Below is an excerpt from Chapter 6 (“Adam Smith’s Lost Year: 1747”) of my forthcoming survey of open Adam Smith problems with Salim Rashid (footnotes are below the fold):


“There is a small but significant gap in Adam Smith’s biography: the lost year of 1747, the year of Smith’s 24th birthday. We know that Smith left Oxford ‘for good’ in August of 1746,[1] and we also know that he eventually ‘fixed his residence at Edinburgh’,[2] where he began to deliver a series of ‘freelance lectures on English composition and literary criticism’ somewhere in Edinburgh beginning in 1748,[3] but what was the college dropout doing during the span of time between his departure from Oxford and his move to Edinburgh, i.e. late 1746 to 1748? Alas, no one knows for sure.

“E. G. West (1969, p. 44) claims that Adam Smith spent this lost year writing some of the essays that would later be published posthumously in Smith’s Essays on Philosophical Subjects: West, without a shred of evidence, writes: ‘Much of these two years [i.e. 1746 to 1748] he spent writing. It is probable that in this period he wrote some of the belles-lettres and the essays on astronomy, ancient physics, logic and metaphysics.’[4] Smith’s other biographers, however, are of no help.

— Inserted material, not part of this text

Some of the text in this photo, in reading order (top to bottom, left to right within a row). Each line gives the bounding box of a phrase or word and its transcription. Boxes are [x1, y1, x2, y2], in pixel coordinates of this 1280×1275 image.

“To begin with, all we are told in Dugald Stewart’s Account of the Life and Writings of Adam Smith (1980/1811, p. 272; EPS, I.11) is that, ‘[a]fter a residence at Oxford of seven years’ (i.e. July 1740 to August 1746), the young Smith ‘returned to Kirkcaldy, and lived two years with his mother; engaged in study, but without any fixed plan for his future life’ and that ‘he resolved to return to his own country, and to limit his ambition to the uncertain prospect of obtaining, in time, some one of those moderate preferments, to which literary attainments lead in Scotland.’

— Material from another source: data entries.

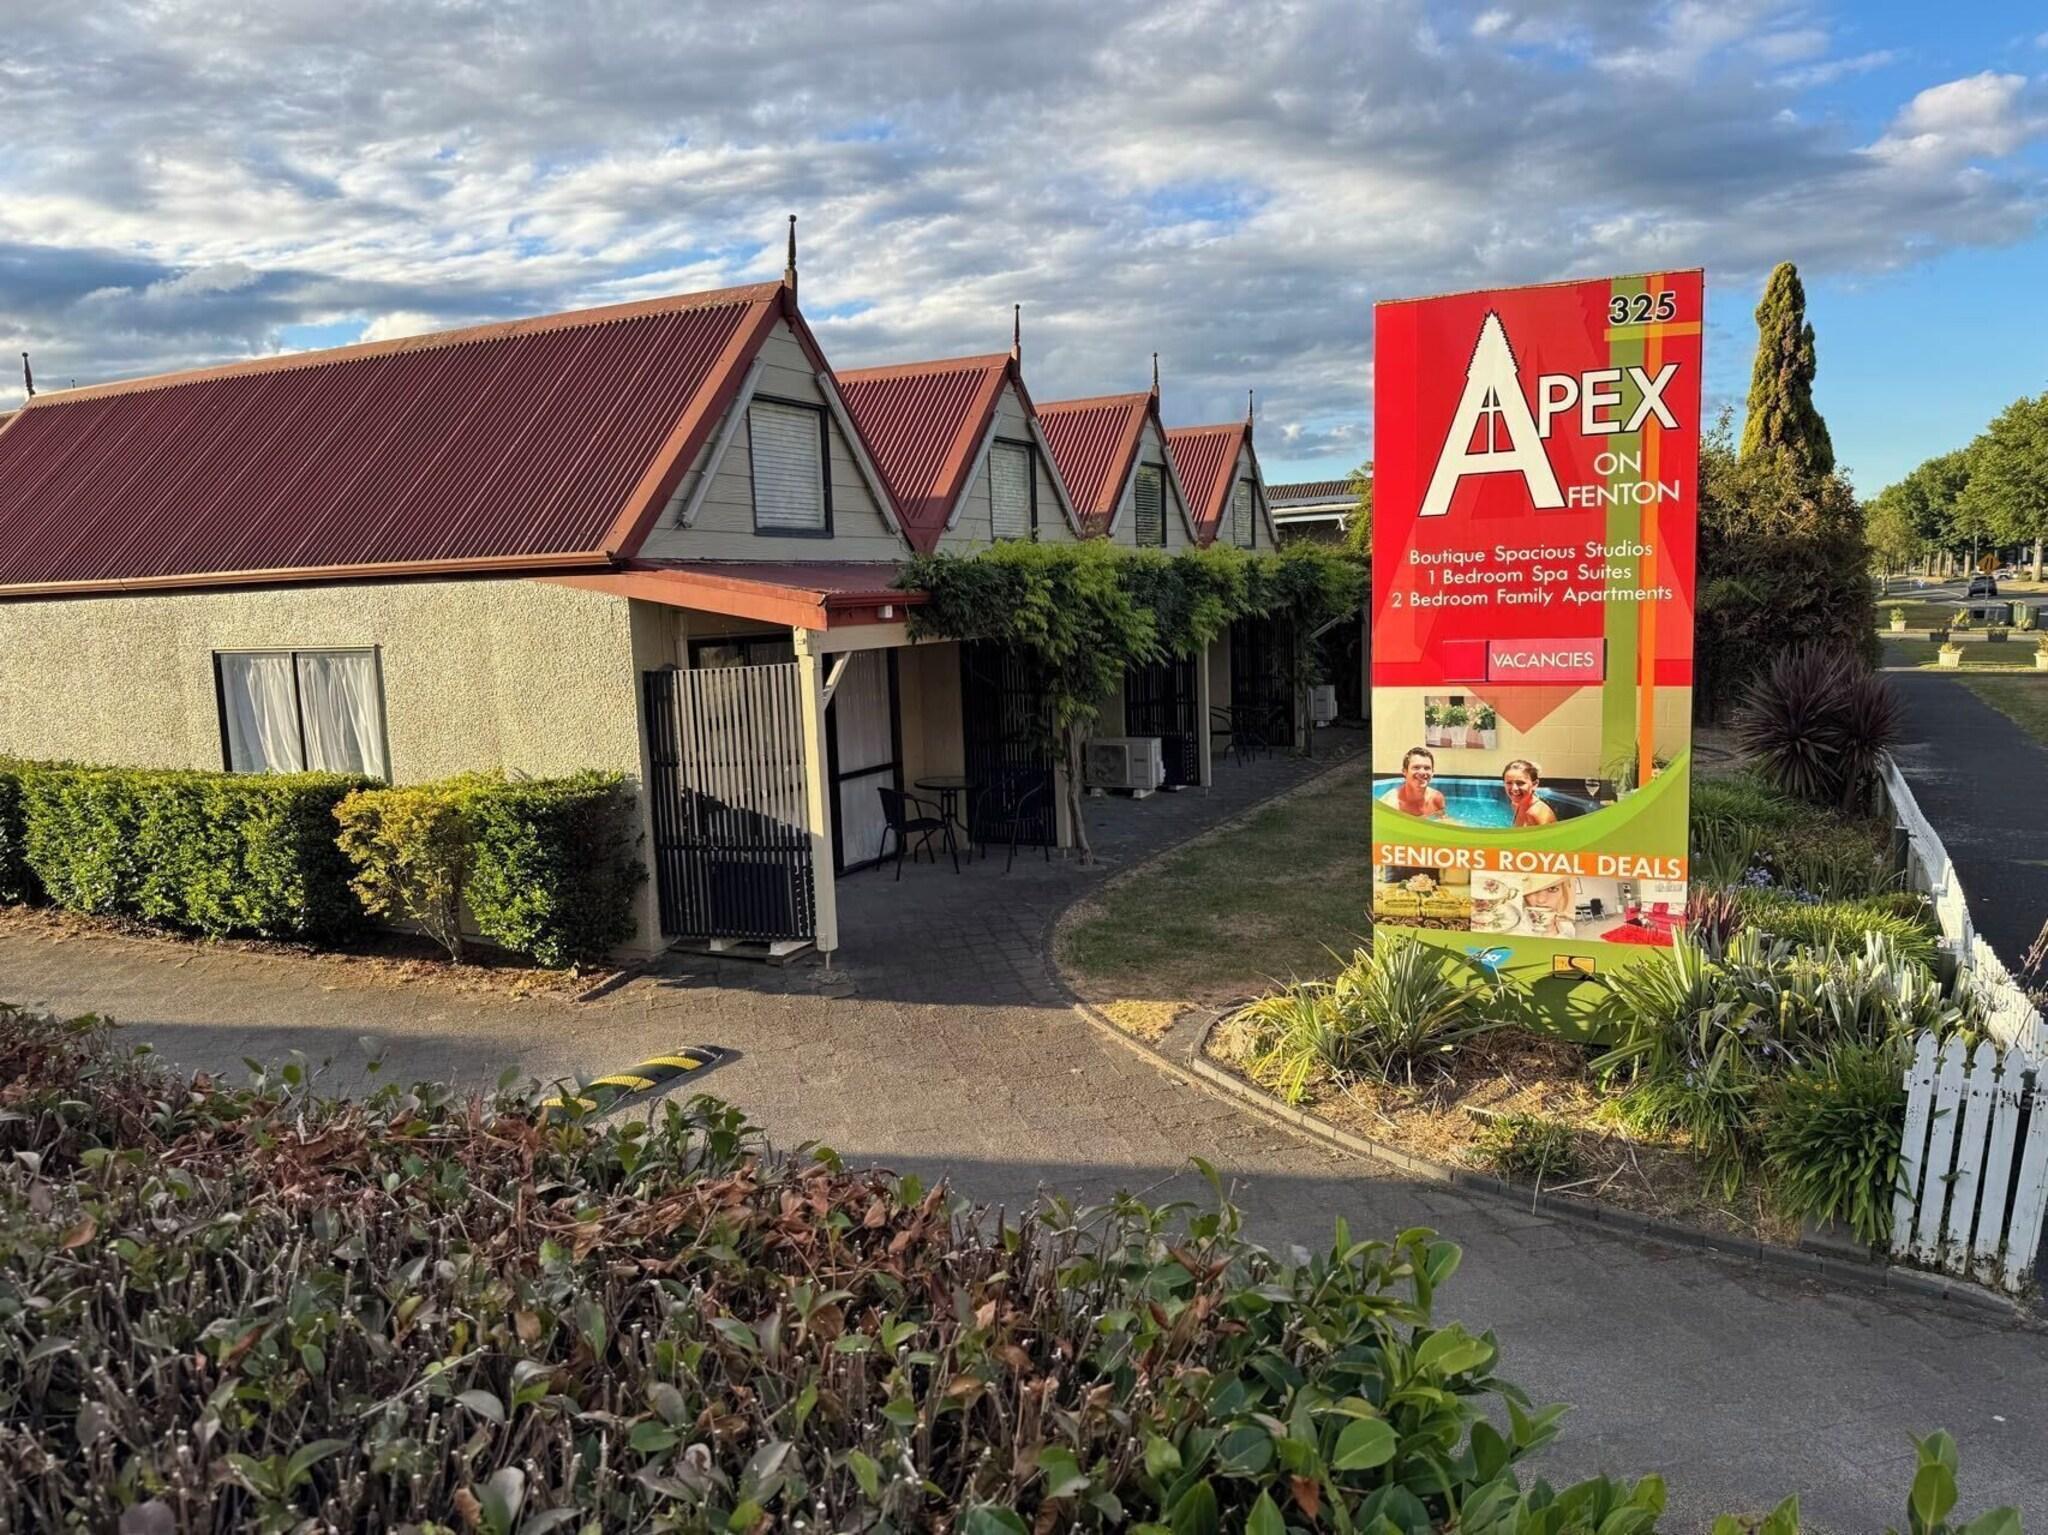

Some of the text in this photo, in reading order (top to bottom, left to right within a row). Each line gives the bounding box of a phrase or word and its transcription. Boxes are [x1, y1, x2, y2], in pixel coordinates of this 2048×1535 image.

[1609, 291, 1676, 324] 325
[1418, 310, 1681, 518] APEX
[1594, 451, 1641, 475] ON
[1568, 480, 1680, 508] FENTON
[1409, 540, 1653, 567] Boutique Spacious Studios
[1428, 564, 1632, 585] 1 Bedroom Spa Suites
[1392, 587, 1673, 608] 2 Bedroom Family Apartments
[1492, 652, 1594, 668] VACANCIES
[1381, 844, 1681, 878] SENIORS ROYAL DEALS

“For his part, John Rae adds one extra detail to Stewart’s account. Rae (1965/1895, p. 110, our emphasis) reports that ‘Smith returned to Scotland in August 1746, but his name remained on the Oxford books for some months after his departure, showing apparently that he had not on leaving come to a final determination against going back.’ So, was the young Smith planning on possibly returning to his formal studies at Balliol College at some point? If he was, he must have changed his mind, for according to Rae, ‘Smith concluded that the best prospect for him was after all the road back to Scotland. And he never appears to have set foot in Oxford again.’[5]

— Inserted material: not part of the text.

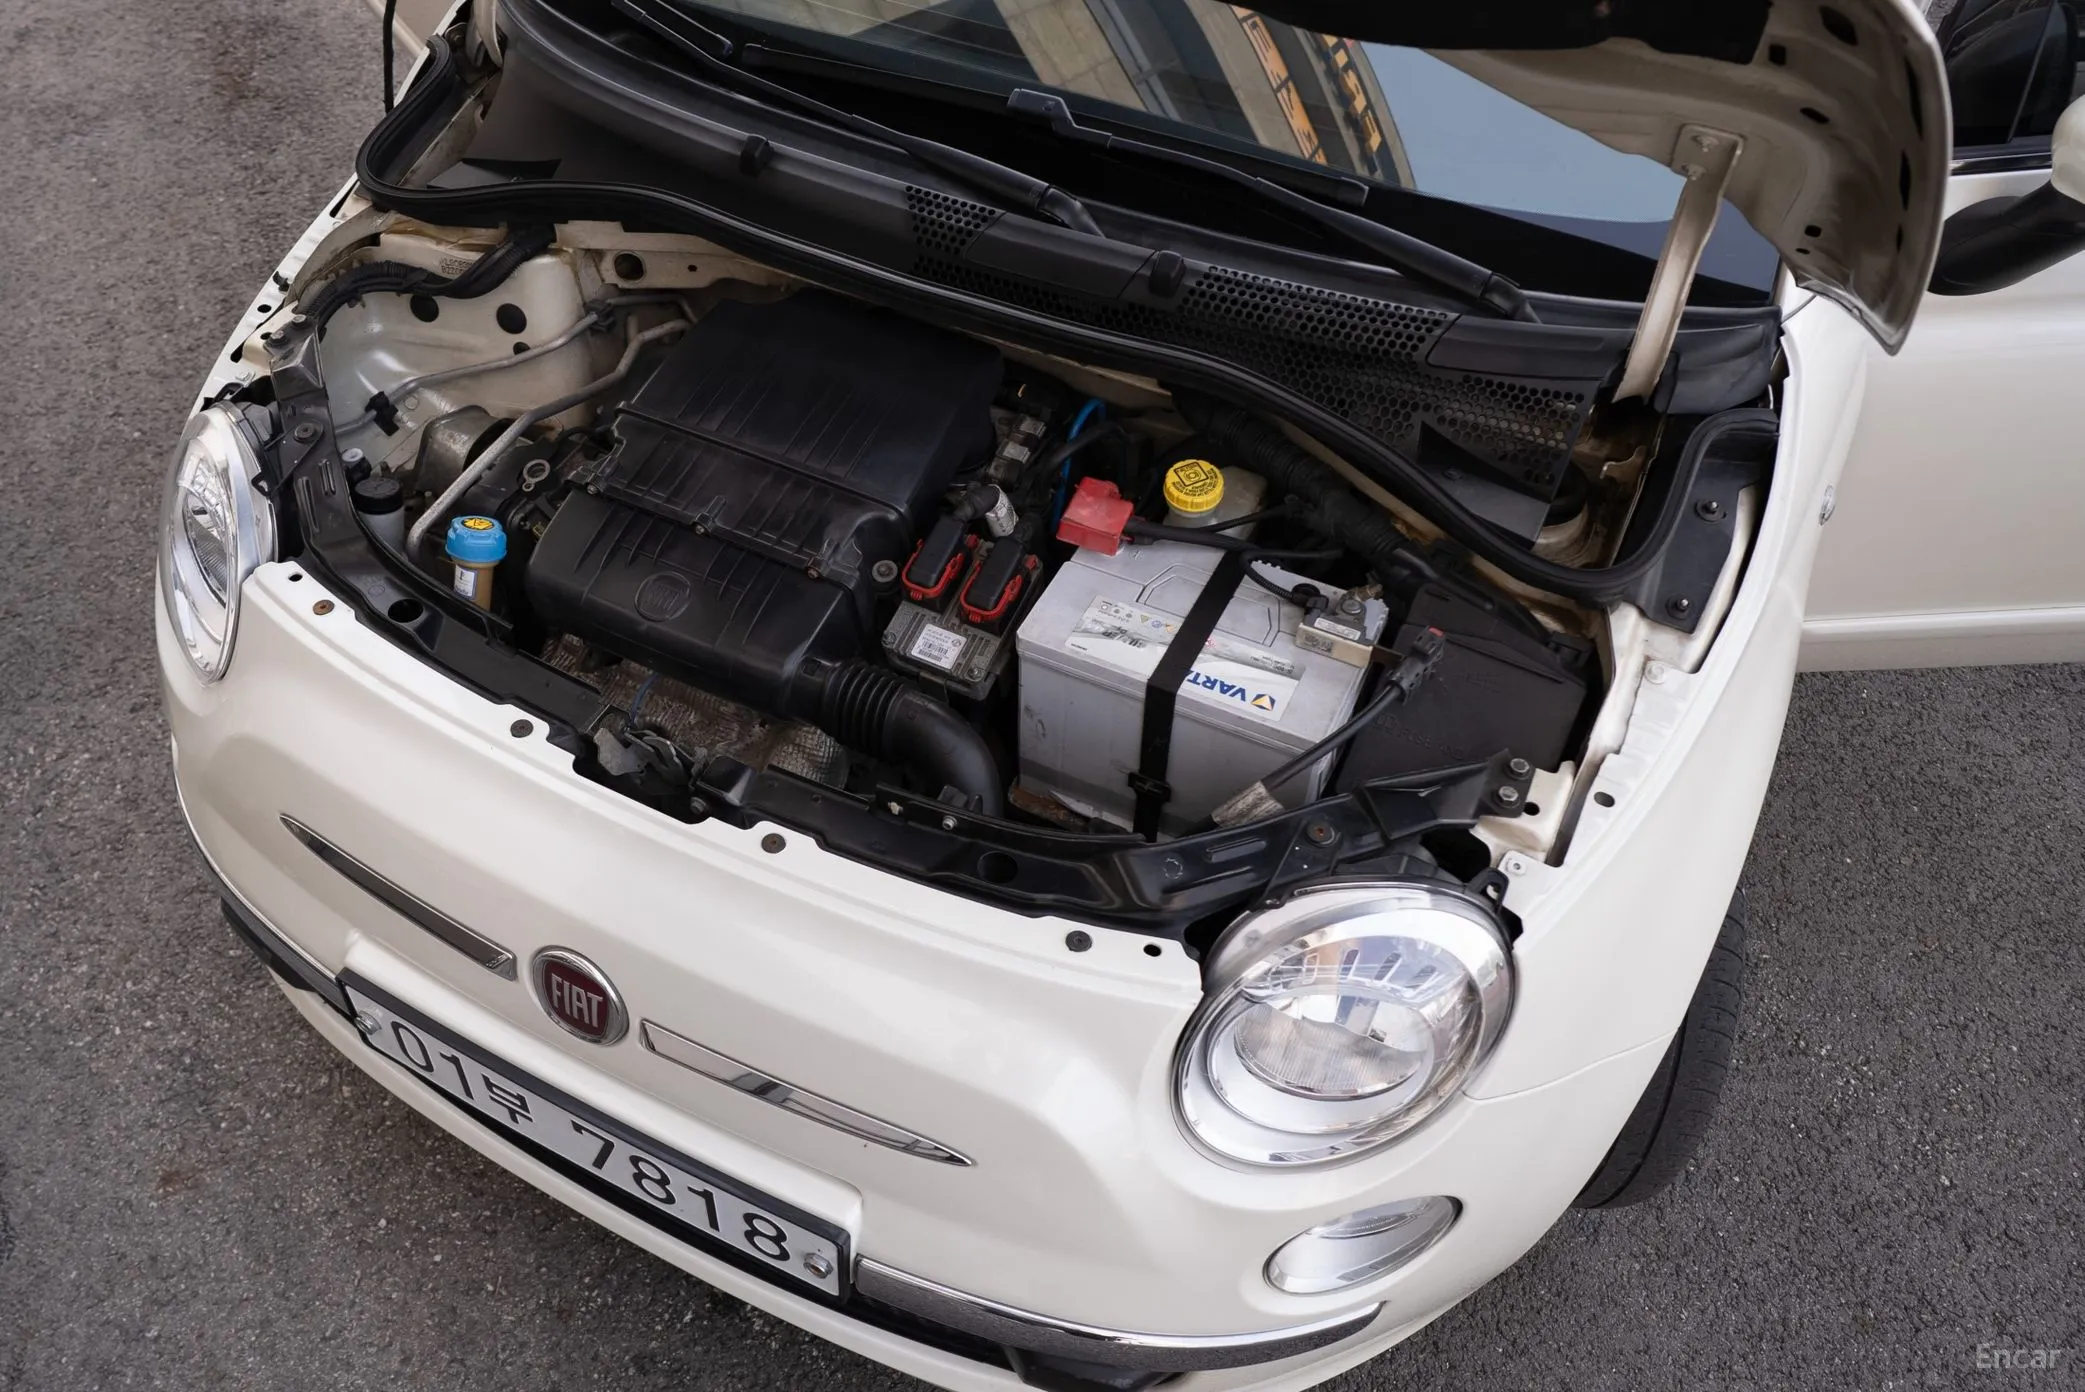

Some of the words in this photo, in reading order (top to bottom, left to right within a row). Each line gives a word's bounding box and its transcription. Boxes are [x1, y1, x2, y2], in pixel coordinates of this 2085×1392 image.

[551, 973, 604, 1028] FIAT
[390, 1020, 534, 1124] 01부
[571, 1119, 790, 1261] 7818

“Alas, neither Nicholas Phillipson (2010) nor Ian Simpson Ross (2010) have anything to say about this chapter of Smith’s life. Both biographers skip the year 1747 altogether. The only thing Ross (2010, p. 74) has to say is that Smith ‘went back to Kirkcaldy’ in 1746 and then ‘went off to do the work that led to his world fame as a man of letters.’[6]   Nicholas Phillipson (2010, p. 72), moreover, is even more terse. He simply tells us that ‘Smith left Oxford in late August 1746 and returned to Scotland’ before changing the subject to the Jacobite rebellion of 1745-46 and proceeding to describe Henry Home’s ‘instrumental [role] in launching Smith’s career in 1748 by means of an invitation to deliver two series of lectures in the capital [Edinburgh], on rhetoric and on jurisprudence.’[7]  

“In short, to quote our colleague and friend Glory Liu (2022, p. xvii): ‘Smith left Oxford for Scotland in 1746. We know next to nothing of what happened between then and 1748 ….’ Most of Smith’s biographers simply leapfrog from Smith’s decision to ditch Oxford in August of 1746 directly into Smith’s fateful move to Edinburgh in 1748. But what happened in 1747? How did an Oxford dropout with no prospects become a leading light of the Scottish Enlightenment, the man who would change the world by bringing down mercantilism and championing free trade?”

File:Map of the Royal Burgh of Kirkcaldy 1824.jpg
Map of the Royal Burgh of Kirkcaldy 1824 (Wikimedia Commons)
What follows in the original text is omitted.